ScreenShot 2015-10-26 下午10.20.22

In Circles Vibration—Bracket Bridge, Inga and Wu create a series of intriguing installations whose forms are inspired by a combined sense of mathematical purity and philosophical playfulness that characterizes their creative thinking and methodology. 
Among the signature works in the exhibition is a series of delicate paintings that demonstrate the geometric process by which the artists have discovered intricately structured bridge-like forms within the overlapping images of a vibrating circle. In another series of works, The Bridges Pythagoras, the artists give these almost magical forms a concrete presence by transforming them into tensile steel sculptures. The mixed media series, Little Fat Flesh, features paintings of semi-abstract forms that are a further exploration, or extrapolation, of Thorsdottir and Wu’s seminal concept of the ‘Perfect Bracket’ — a visual and a philosophical construct that questions the way we possess, contain and integrate knowledge.
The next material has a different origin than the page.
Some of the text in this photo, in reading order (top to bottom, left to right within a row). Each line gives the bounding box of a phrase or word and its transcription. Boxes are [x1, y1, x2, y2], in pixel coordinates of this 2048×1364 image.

In Little Fat Flesh, paintings of the ‘Little Fat Flesh’ form are mounted on magnetized steel boards and manipulated like jigsaw pieces into a variety of tessellated structures, echoing the natural process of cellular growth or the synaptic networking of thought patterns.

With this new exhibition, Circles Vibration—Bracket Bridge, Thorsdottir and Wu create a world of physical forms and conceptual constructs which reaches beyond the senses to tickle the deeper levels of the thinking mind; and resonates with the larger questions of contemporary existence.
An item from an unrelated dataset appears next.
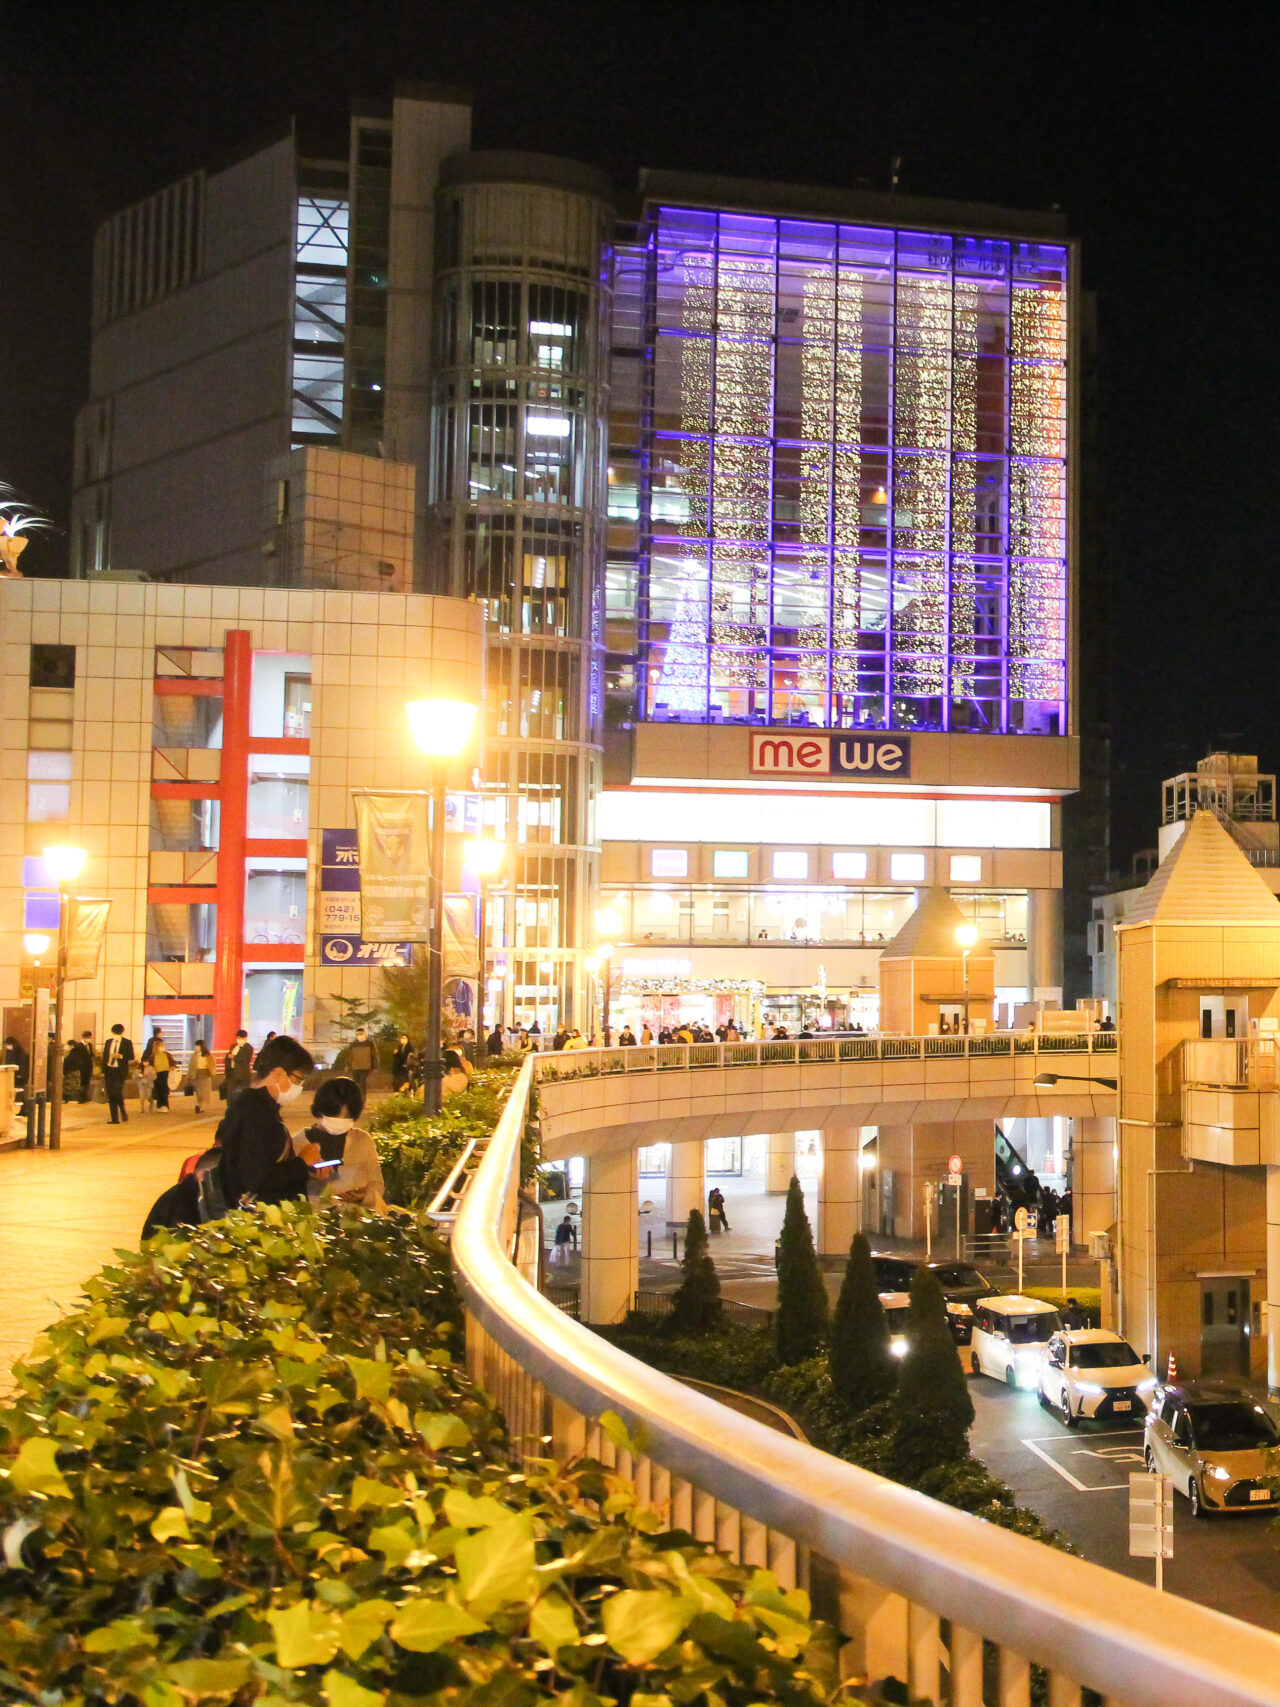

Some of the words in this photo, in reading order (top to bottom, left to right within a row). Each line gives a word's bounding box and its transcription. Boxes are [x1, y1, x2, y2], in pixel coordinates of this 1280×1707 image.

ScreenShot 2015-10-26 下午10.21.23

ScreenShot 2015-10-26 下午10.21.15

Inga Svala Thorsdottir was born in Iceland in 1966. She graduated in 1991 from the Painting Department of the Icelandic School of Arts and Crafts, and in 1995 from the Hochschule für bildende Künste in Hamburg. In 1993 she founded Thor’s Daughter’s Pulverization Service, and in 1999 she founded BORG.

Wu Shanzhuan was born in China in 1960. He graduated from the Education Department of the Zhejiang Academy of Fine Arts in 1986 and in 1995 from the Hochschule für bildende Künste in Hamburg. In 1985 he founded Red Humour, and in 1990 he founded Red Humour International.

Since 1991 Thorsdottir and Wu have been working and exhibiting collaboratively. They live and work in Hamburg, Shanghai and Reykjavík.

Inga Svala Thorsdottir and Wu Shanzhuan’s recent solo exhibitions include: The Printer, The Paper, The Layer, The Thing’s Right(s), The Little Fat Flesh, Singapore Tyler Print Institute, Singapore (2014); Artic Fox Arc – Temperature War – Large Collage, Hanart TZ Gallery, Hong Kong (2013); What A Form –  : A Reportage, OCT Contemporary Art Terminal, Shenzhen (2013) and kuo xuan, Long March Space, Beijing (2011). Their recent group exhibitions include: Tales from The Taiping Era, Red Brick Art Museum, Beijing (2014); Surplus Authors, Witte de With, Rotterdam (2012) and Place ·Time ·Play: Contemporary Art from the West Heavens to the Middle Kingdom, Shanghai (2010).